Supplied data:
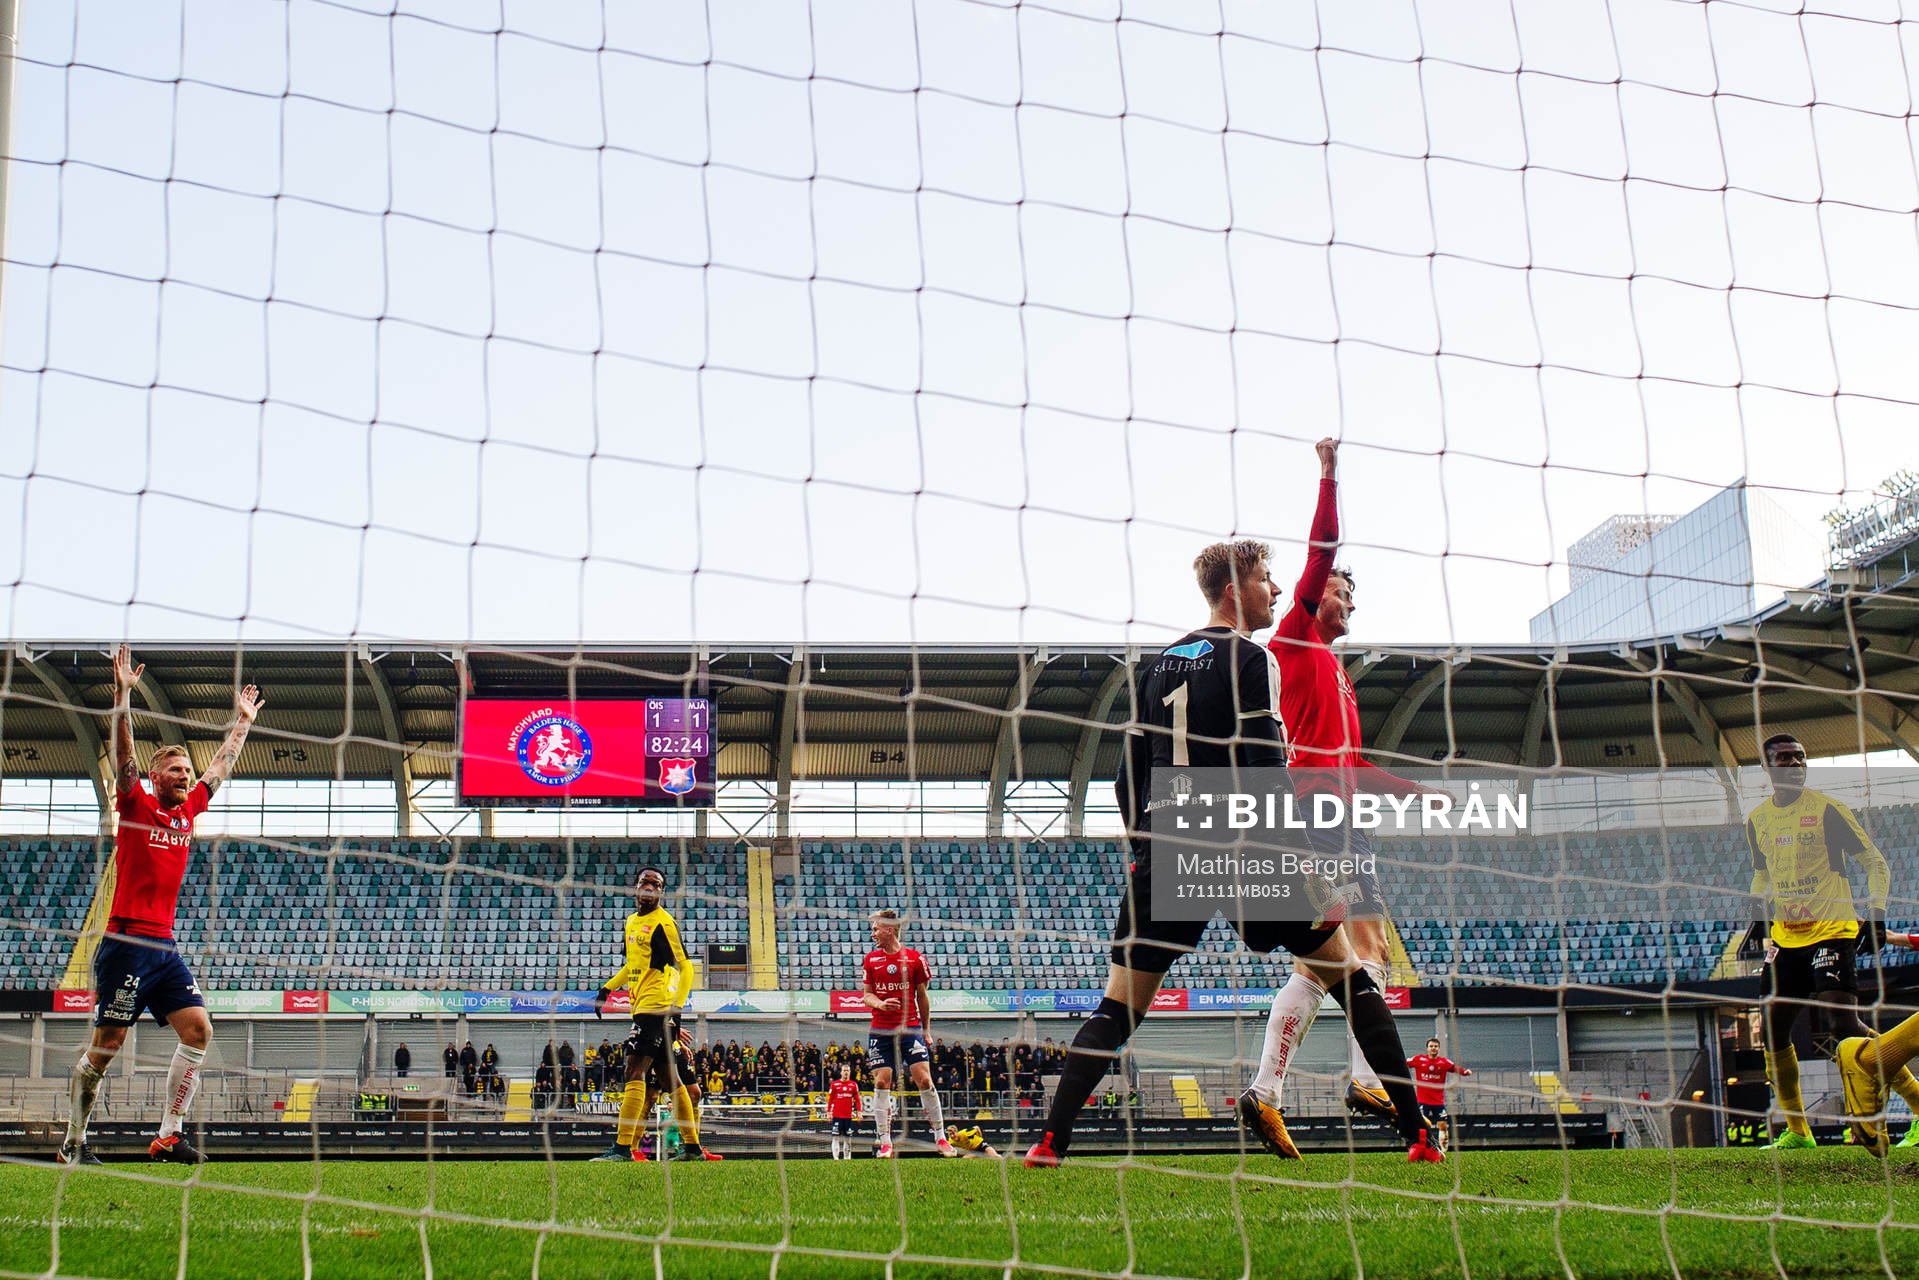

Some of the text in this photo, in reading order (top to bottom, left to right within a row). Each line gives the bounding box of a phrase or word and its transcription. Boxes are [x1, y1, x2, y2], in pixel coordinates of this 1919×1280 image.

[648, 701, 706, 710] ÖIS MJÄ
[652, 712, 660, 728] 1
[692, 712, 700, 728] 1
[1162, 680, 1189, 766] 1
[652, 736, 702, 752] 82:24
[272, 748, 308, 762] P3
[870, 750, 905, 764] B4
[170, 834, 191, 848] BYG
[124, 974, 140, 988] 24
[352, 997, 384, 1006] P-HUS
[446, 997, 478, 1006] ALLTID
[516, 997, 548, 1006] ALLTID
[992, 996, 1021, 1005] ALLTID
[1060, 996, 1090, 1005] ALLTID
[1199, 995, 1274, 1004] EN PARKERING
[870, 1038, 878, 1047] 17
[576, 1102, 621, 1114] STOCKHOLMS
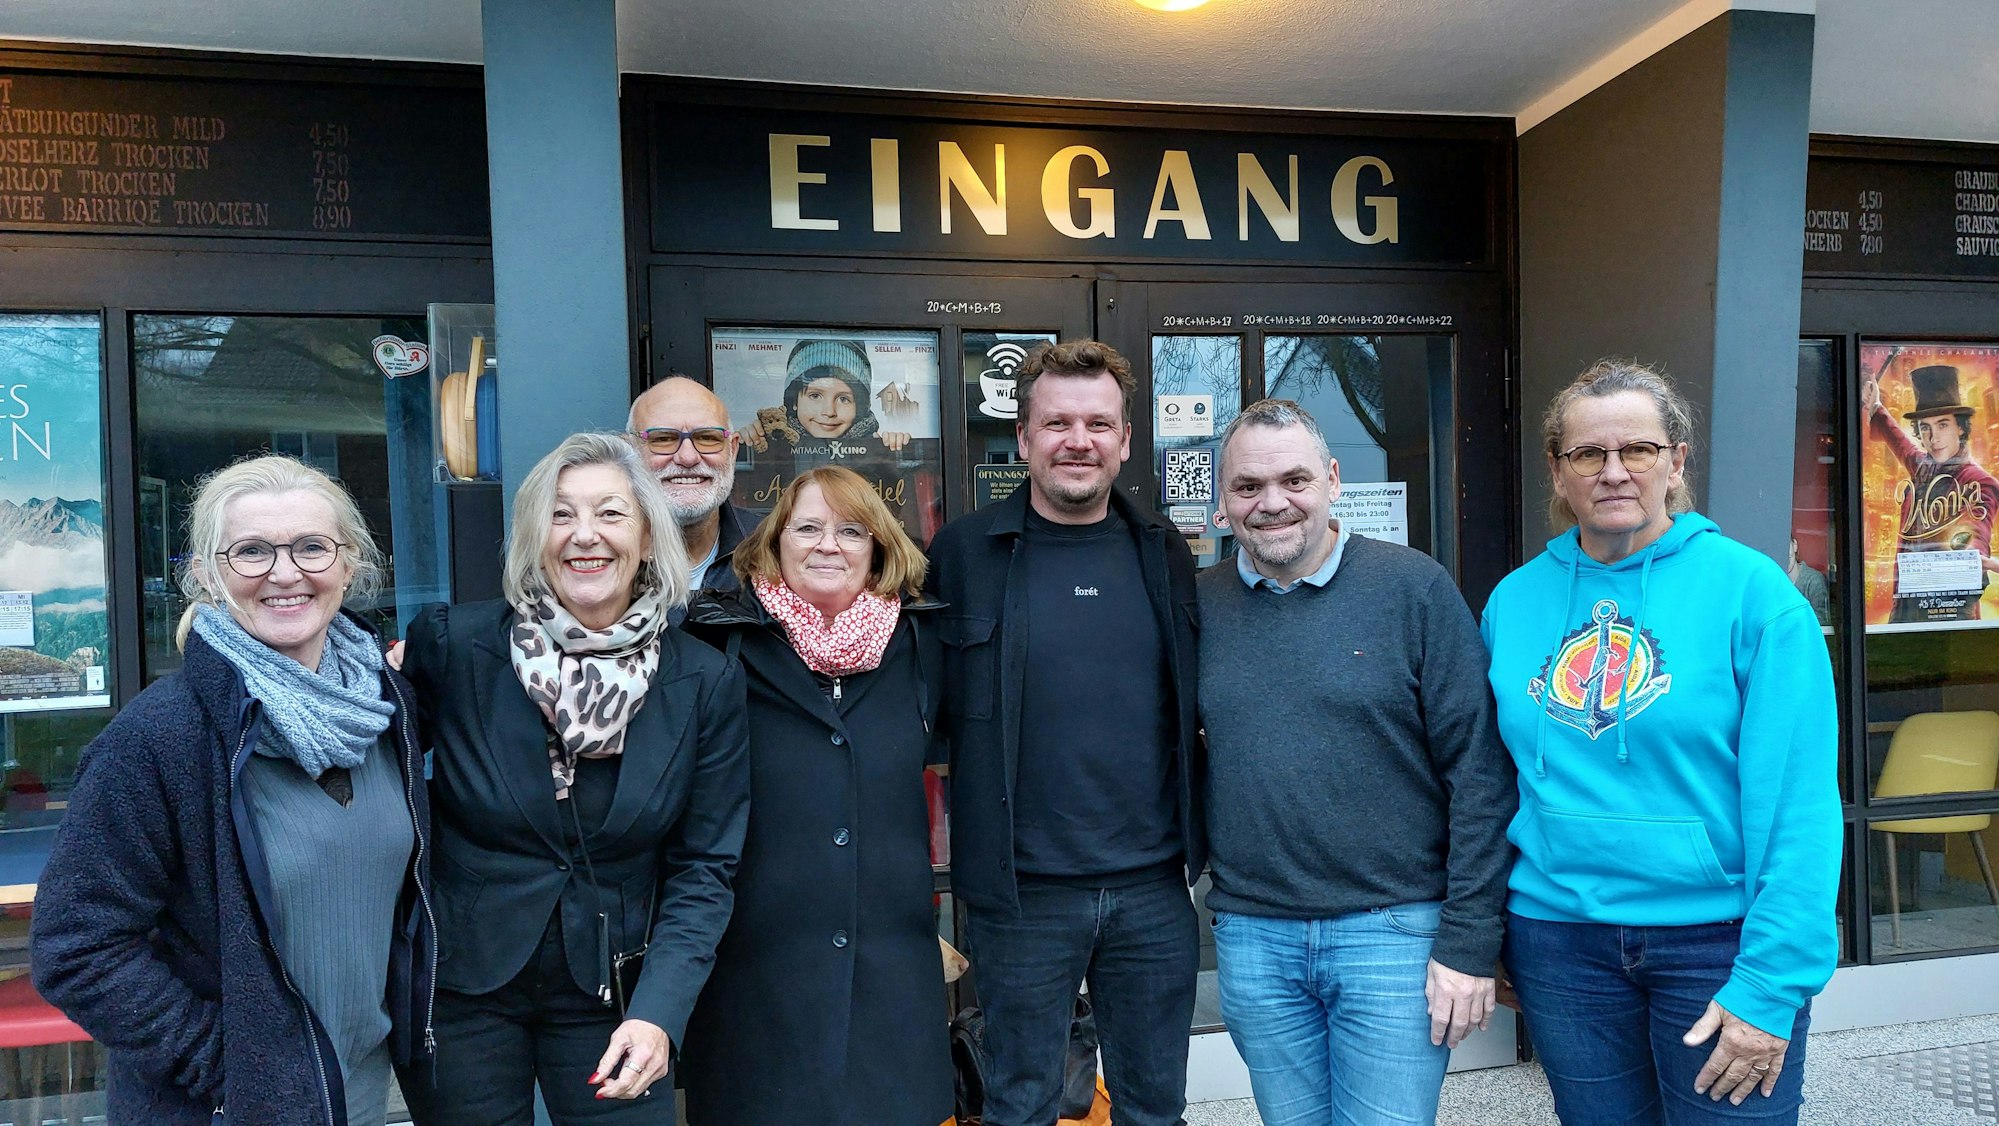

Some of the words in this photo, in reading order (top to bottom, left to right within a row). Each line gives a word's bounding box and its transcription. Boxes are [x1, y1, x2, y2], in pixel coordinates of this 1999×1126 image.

Aim of the exercise:
Restate every record above word for word, without images.

Written response:
Some of the text in this photo, in reading order (top to bottom, left to right within a row). Each line gives the bounding box of a phrase or word and its transcription. Boxes are [x1, y1, x2, y2], in pixel coordinates of this 1919×1280 image.

[648, 701, 706, 710] ÖIS MJÄ
[652, 712, 660, 728] 1
[692, 712, 700, 728] 1
[1162, 680, 1189, 766] 1
[652, 736, 702, 752] 82:24
[272, 748, 308, 762] P3
[870, 750, 905, 764] B4
[170, 834, 191, 848] BYG
[124, 974, 140, 988] 24
[352, 997, 384, 1006] P-HUS
[446, 997, 478, 1006] ALLTID
[516, 997, 548, 1006] ALLTID
[992, 996, 1021, 1005] ALLTID
[1060, 996, 1090, 1005] ALLTID
[1199, 995, 1274, 1004] EN PARKERING
[870, 1038, 878, 1047] 17
[576, 1102, 621, 1114] STOCKHOLMS

Some of the words in this photo, in reading order (top to bottom, left to right within a row). Each line gives a word's bounding box and its transcription. Boxes are [x1, y1, x2, y2], in pixel coordinates of this 1999×1126 image.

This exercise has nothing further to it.